Given a generator, it instead iterates through the elements and writes into a new array. Given a function and then some arrays, it behaves like map(f, A, B) but immediately writes into a new array:

stack([i,2i] for i in 1:5)            # isa Matrix{Int}     # size(ans) == (2, 5)
stack(*, eachcol(ones(2,4)), 1:4)     # == Matrix(stack(map(*, eachcol(...), 1:4)))

The same stack_iter method is also used for any list of arrays of heterogeneous element type, and for arrays of tuples. Notice that like map(identity, Any[1, 1.0, 5im]), this promotes using promote_typejoin, to Number here, rather than to Complex{Float64}:

stack([1,2], [3.0, 4.0], [5im, 6im])  # isa Matrix{Number}  # size(ans) == (2, 3)
stack([(i,2.0,3//j) for i=1:4, j=1:5])# isa Array{Real, 3}  # size(ans) == (3, 4, 5)

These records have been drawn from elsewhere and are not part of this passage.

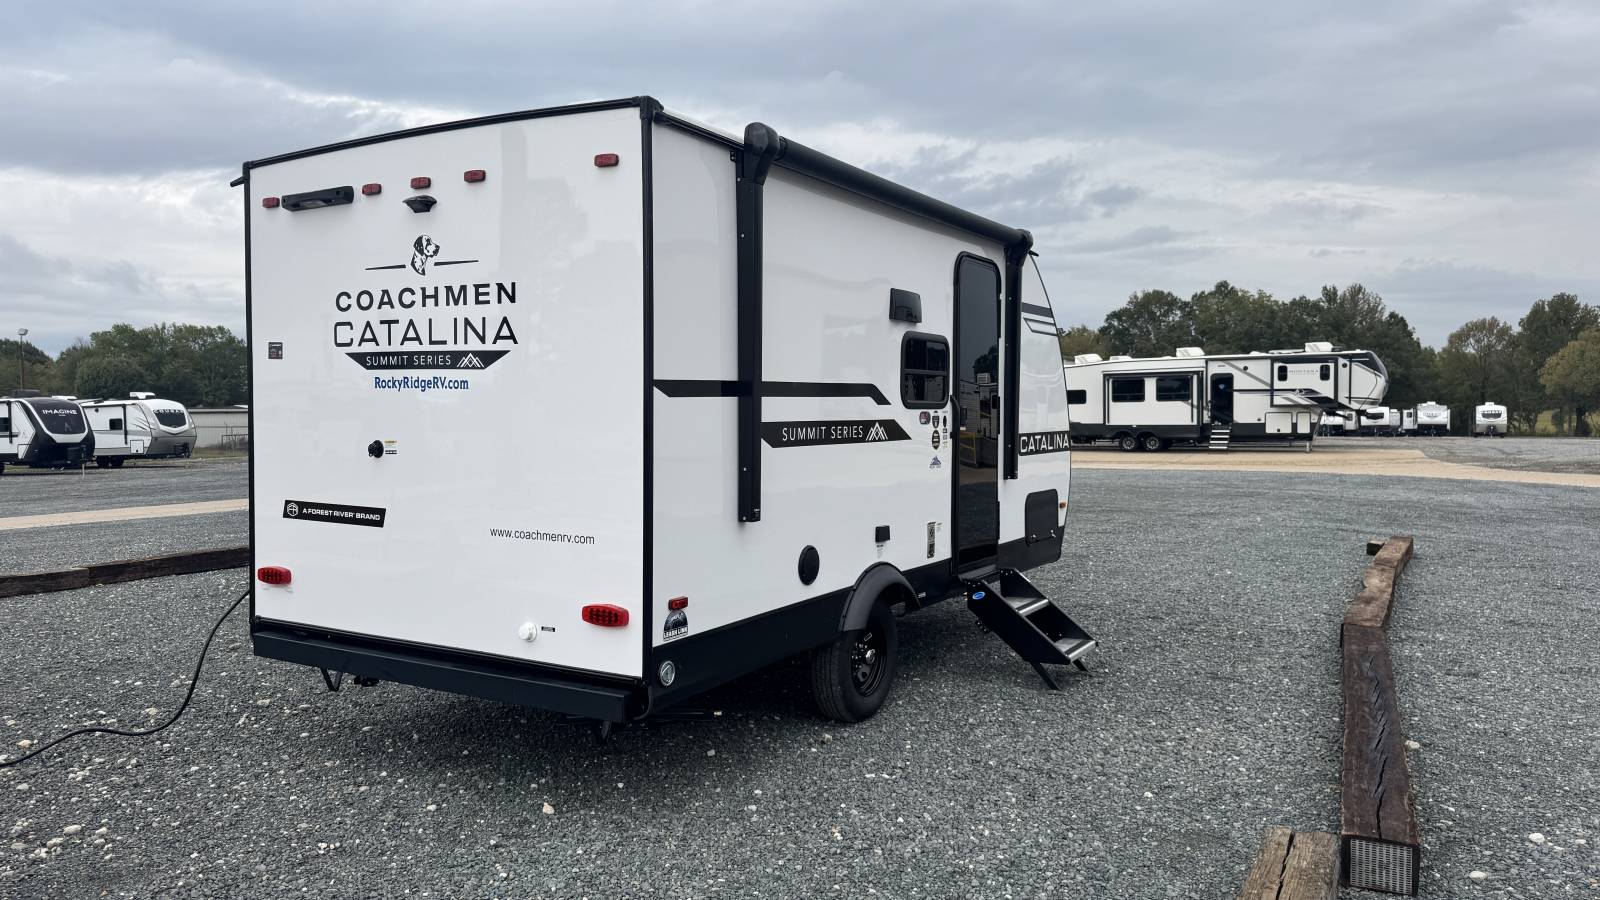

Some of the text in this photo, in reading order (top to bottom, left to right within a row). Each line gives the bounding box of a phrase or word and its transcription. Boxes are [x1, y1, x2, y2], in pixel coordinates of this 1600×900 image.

[335, 281, 517, 313] COACHMEN
[333, 316, 519, 348] CATALINA
[366, 354, 451, 367] SUMMIT SERIES
[374, 376, 469, 392] RockyRidgeRV.com
[782, 425, 864, 442] SUMMIT SERIES
[1019, 433, 1070, 453] CATALINA
[308, 508, 333, 516] FOREST
[356, 512, 381, 521] BRAND
[489, 527, 595, 545] www.coachmenrv.com

The slices must all have the same size, but they (and the container) can have any number of dimensions. stack always places the slice dimensions first. There are no options.

Ragged stack

There is also a version which does not demand that slices have equal size (or equal ndims), which always returns a new Array. You can control the position of slices using OffsetArrays:

rstack([1:n for n in 1:10])           # upper triangular Matrix{Int}
rstack(OffsetArray(fill(n,4), rand(-2:2)) for n in 1:10; fill=NaN)

Other packages

This one plays well with OffsetArrays.jl, NamedDims.jl, and Zygote.jl.

Besides which, there are several other ways to achieve similar things:

  • For an array of arrays, you can also use JuliennedArrays.Align. This requires (or enables) you to specify which dimensions of the output belong to the sub-arrays, instead of writing PermutedDimsArray(stack(...), ...).
  • There is also RecursiveArrayTools.VectorOfArray which as its name hints only allows a one-dimensional container. Linear indexing retreives a slice, not an element, which is sometimes surprising.
  • For a tuple of arrays, LazyArrays.Hcat is at present faster to index than stack, but doesn't allow arbitrary dimensions.
  • For a generator of arrays, the built-in reduce(hcat,...) may work, but it slow compared to stack: see test/speed.jl for some examples.

And a few more:

  • When writing this I missed SplitApplyCombine.combinedimsview, which is very similar to stack, but doesn't handle tuples.
  • Newer than this package is StackViews.jl handles both, with StackView(A,B,dims=4) == StackView([A,B],4) creating a 4th dimension; the container is always one-dimensional.
  • Flux.stack similarly takes a dimension, but eagerly creates an Array.

The lazy inverse:

  • The package ArraysOfArrays.jl solves the opposite problem, of accessing one large array as if it were many slices.

  • As does JuliennedArrays.Slices.

  • As does PackedVectorsOfVectors, although only 1+1 dimensions. Also has an eager pack method which turns a vector of vectors into view of a single larger matrix.

  • Base.eachslice also views one large array as many slices. This is a generator, but JuliaLang#32310 should upgrade it to a multi-dimensional container indexable container.

Eager:

  • After writing this I learned of JuliaLang#31644 which extends reduce(hcat,...) to work on generators.

  • Later, JuliaLang#31644 proposes to add the eager stack_iter method of this package to Base.